___ INPUT MATERIAL
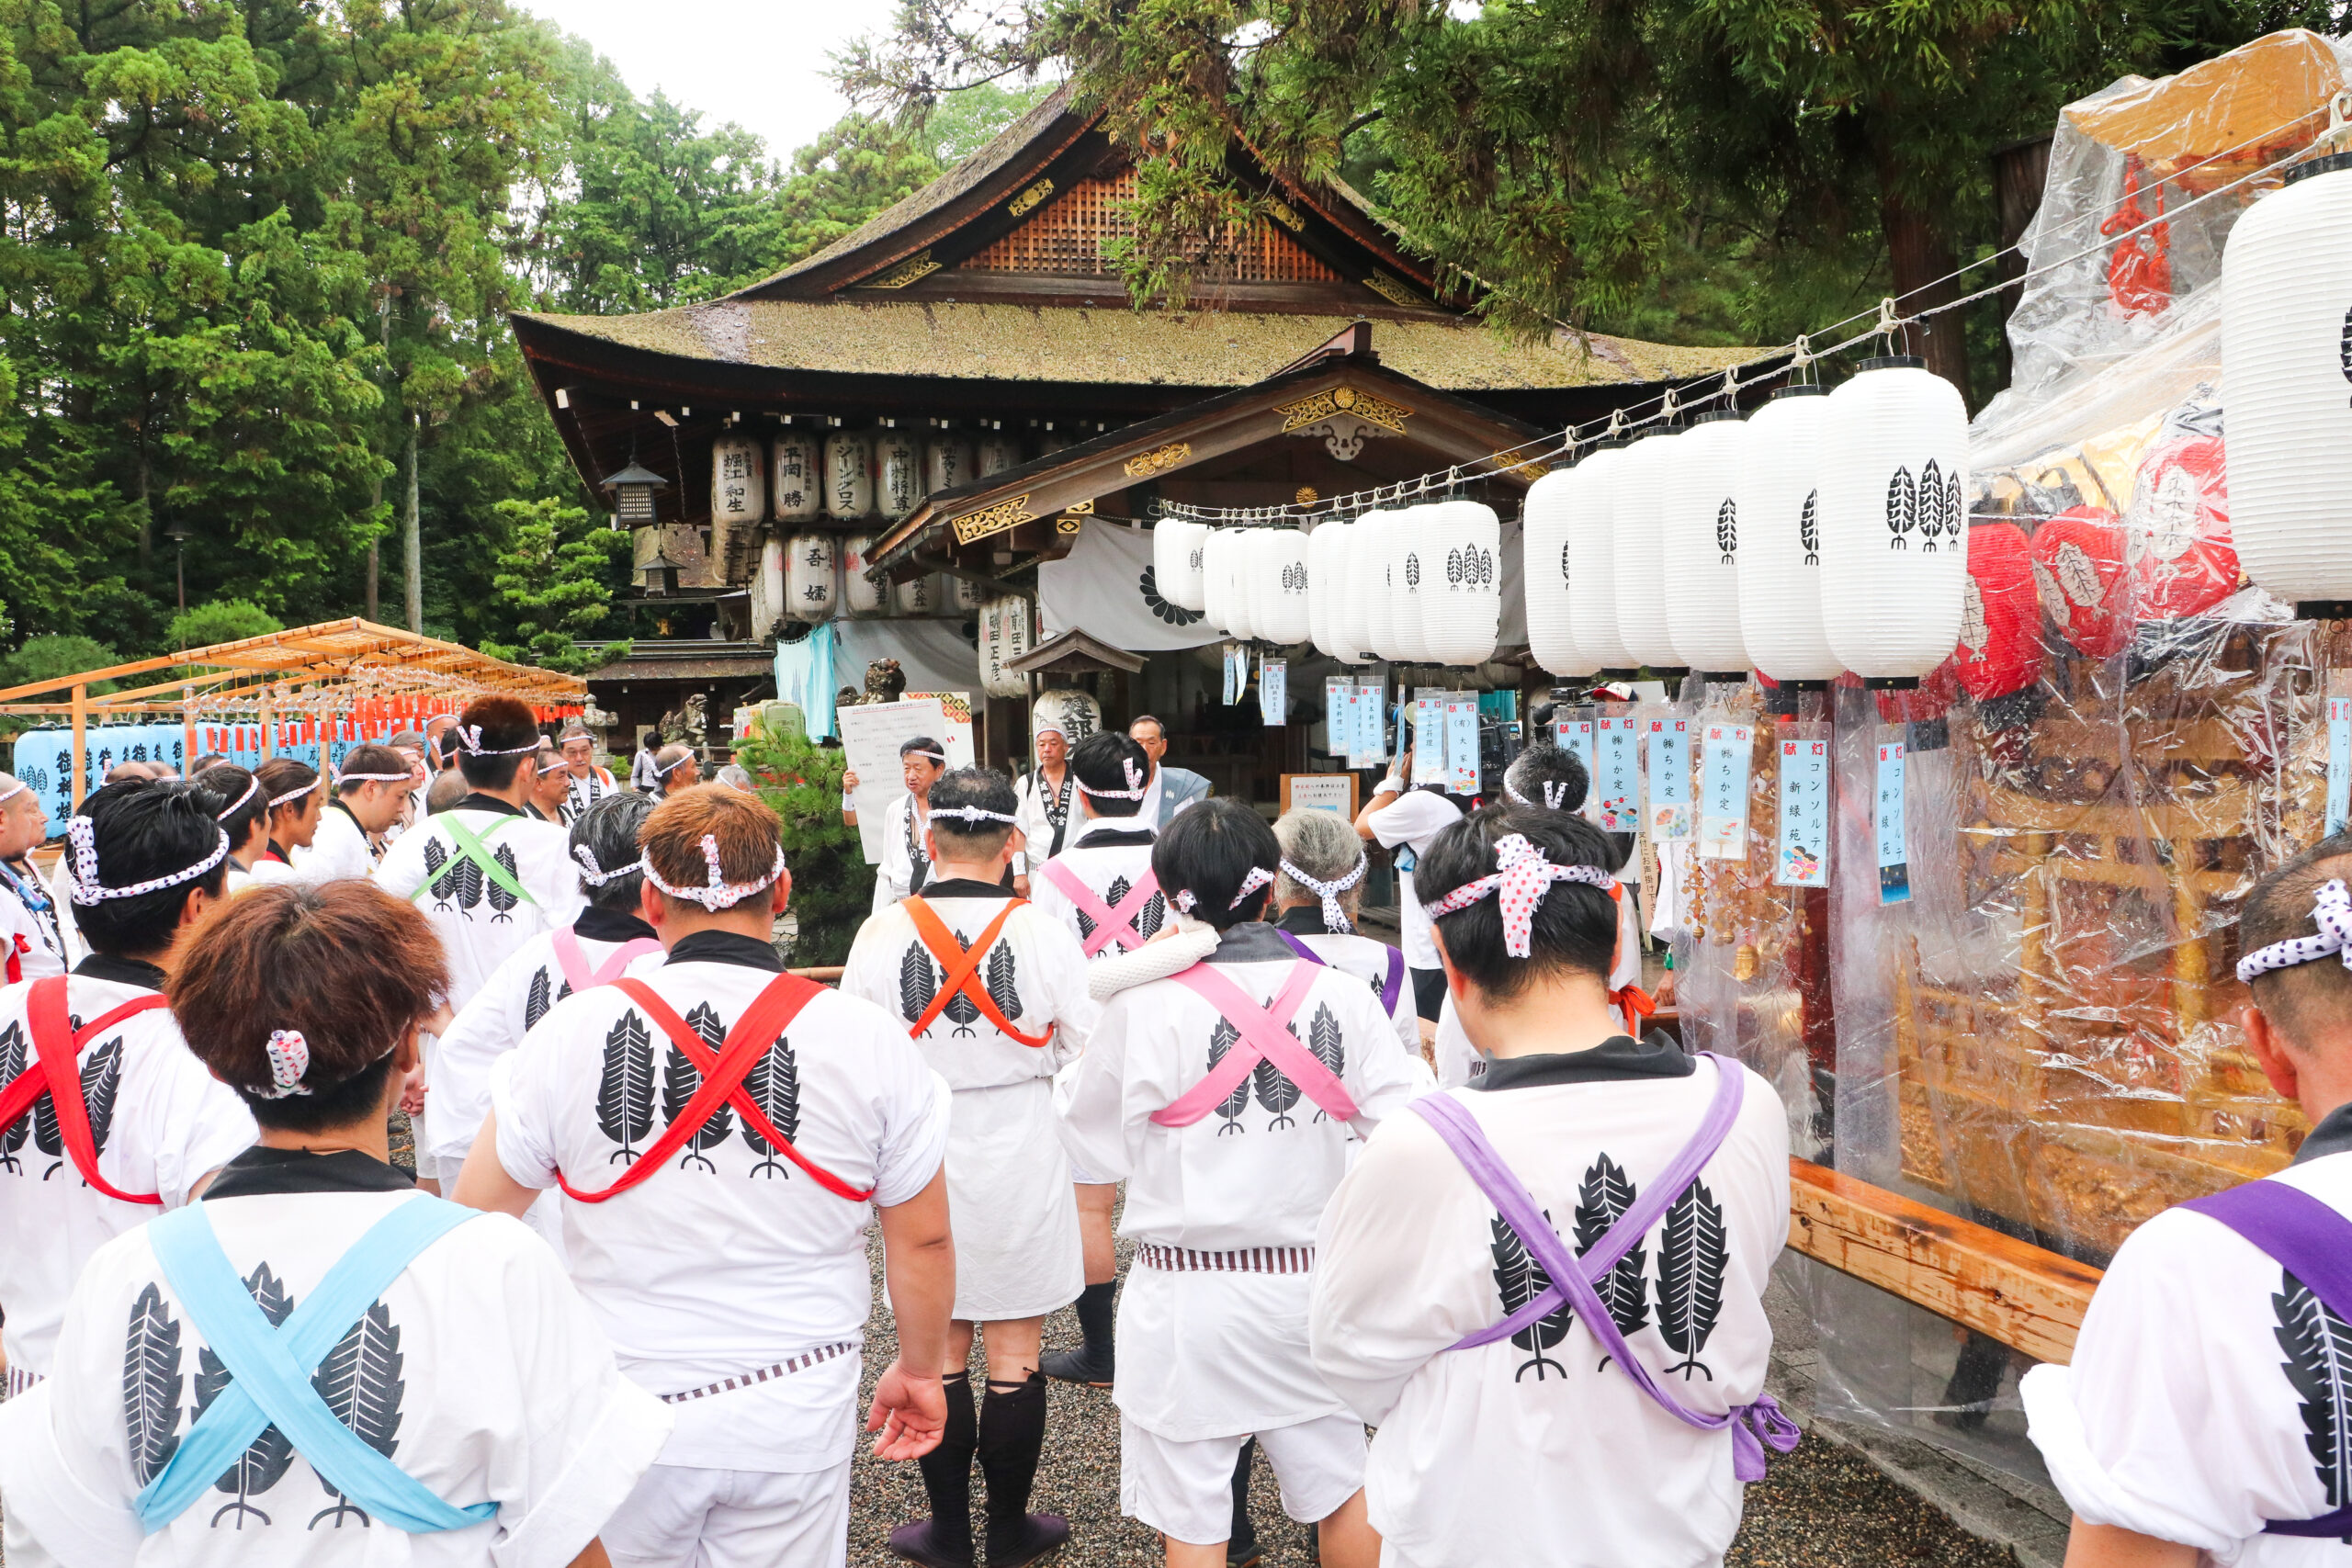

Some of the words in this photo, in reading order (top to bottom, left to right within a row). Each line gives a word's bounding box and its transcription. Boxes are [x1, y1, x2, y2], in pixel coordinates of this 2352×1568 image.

[724, 454, 745, 513] 堀江和生
[1039, 781, 1057, 824] 建部大社
[1057, 781, 1071, 827] 近江一の宮
[1788, 781, 1802, 841] 新緑苑
[1810, 762, 1822, 849] コンソルテ
[1882, 790, 1891, 856] 新緑苑
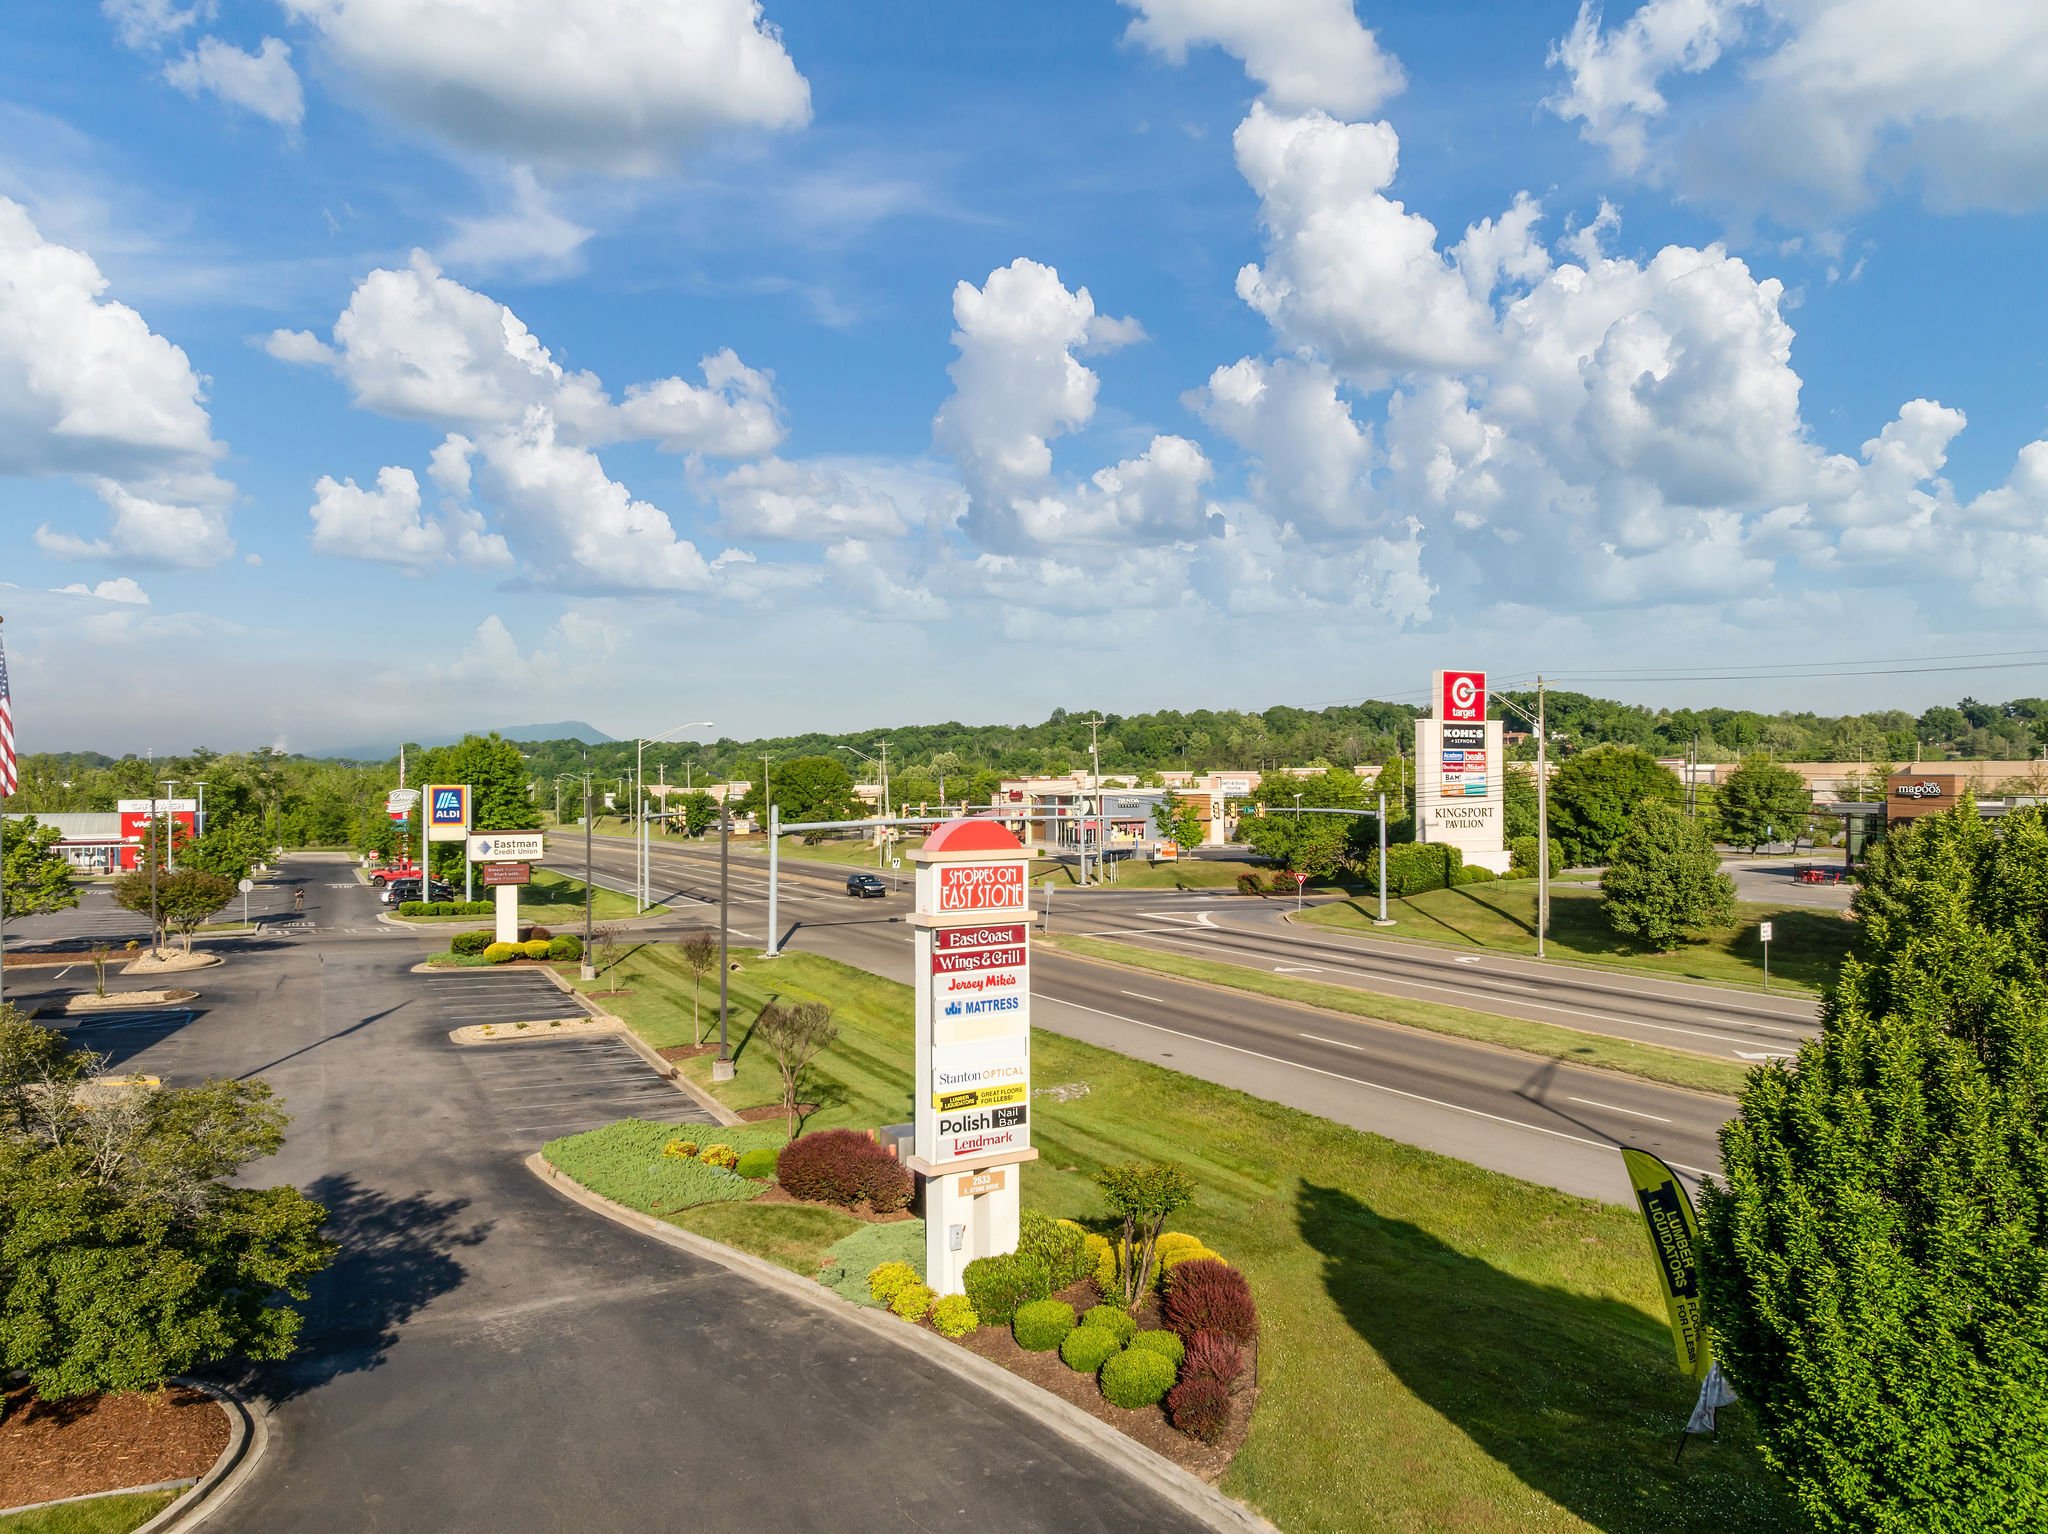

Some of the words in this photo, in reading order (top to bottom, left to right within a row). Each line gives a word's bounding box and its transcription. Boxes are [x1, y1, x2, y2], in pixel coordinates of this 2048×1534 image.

[1452, 708, 1476, 719] target
[1443, 729, 1484, 739] KOHL'S
[435, 810, 460, 818] ALDI
[1435, 807, 1494, 818] KINGSPORT
[1445, 819, 1484, 828] PAVILION
[494, 840, 538, 848] Eastman
[949, 867, 995, 885] SHOPPES
[997, 868, 1017, 883] ON
[941, 884, 974, 908] EAST
[977, 883, 1023, 907] STONE
[939, 955, 980, 970] Wings
[981, 952, 991, 965] &
[992, 950, 1020, 965] Grill
[948, 978, 983, 992] Jersey
[985, 974, 1016, 987] Mike's
[965, 997, 1019, 1014] MATTRESS
[939, 1072, 981, 1085] Stanton
[983, 1066, 1024, 1080] OPTICAL
[981, 1090, 1000, 1098] GREAT
[1000, 1087, 1023, 1095] FLOORS
[998, 1107, 1019, 1118] Nail
[940, 1113, 990, 1136] Polish
[999, 1117, 1018, 1127] Bar
[954, 1131, 1013, 1150] Lendmark
[973, 1174, 991, 1185] 2633
[1648, 1199, 1687, 1289] LIQUIDATORS
[1667, 1210, 1695, 1268] LUMBER
[1676, 1305, 1689, 1326] FOR
______
**TASK:** The copy you output must match the entries above exactly, except that it has no pictures.

**ANSWER TO THIS EXERCISE:**
Some of the words in this photo, in reading order (top to bottom, left to right within a row). Each line gives a word's bounding box and its transcription. Boxes are [x1, y1, x2, y2], in pixel coordinates of this 2352×1568 image.

[724, 454, 745, 513] 堀江和生
[1039, 781, 1057, 824] 建部大社
[1057, 781, 1071, 827] 近江一の宮
[1788, 781, 1802, 841] 新緑苑
[1810, 762, 1822, 849] コンソルテ
[1882, 790, 1891, 856] 新緑苑

Some of the words in this photo, in reading order (top to bottom, left to right within a row). Each line gives a word's bounding box and its transcription. Boxes are [x1, y1, x2, y2], in pixel coordinates of this 2048×1534 image.

[1452, 708, 1476, 719] target
[1443, 729, 1484, 739] KOHL'S
[435, 810, 460, 818] ALDI
[1435, 807, 1494, 818] KINGSPORT
[1445, 819, 1484, 828] PAVILION
[494, 840, 538, 848] Eastman
[949, 867, 995, 885] SHOPPES
[997, 868, 1017, 883] ON
[941, 884, 974, 908] EAST
[977, 883, 1023, 907] STONE
[939, 955, 980, 970] Wings
[981, 952, 991, 965] &
[992, 950, 1020, 965] Grill
[948, 978, 983, 992] Jersey
[985, 974, 1016, 987] Mike's
[965, 997, 1019, 1014] MATTRESS
[939, 1072, 981, 1085] Stanton
[983, 1066, 1024, 1080] OPTICAL
[981, 1090, 1000, 1098] GREAT
[1000, 1087, 1023, 1095] FLOORS
[998, 1107, 1019, 1118] Nail
[940, 1113, 990, 1136] Polish
[999, 1117, 1018, 1127] Bar
[954, 1131, 1013, 1150] Lendmark
[973, 1174, 991, 1185] 2633
[1648, 1199, 1687, 1289] LIQUIDATORS
[1667, 1210, 1695, 1268] LUMBER
[1676, 1305, 1689, 1326] FOR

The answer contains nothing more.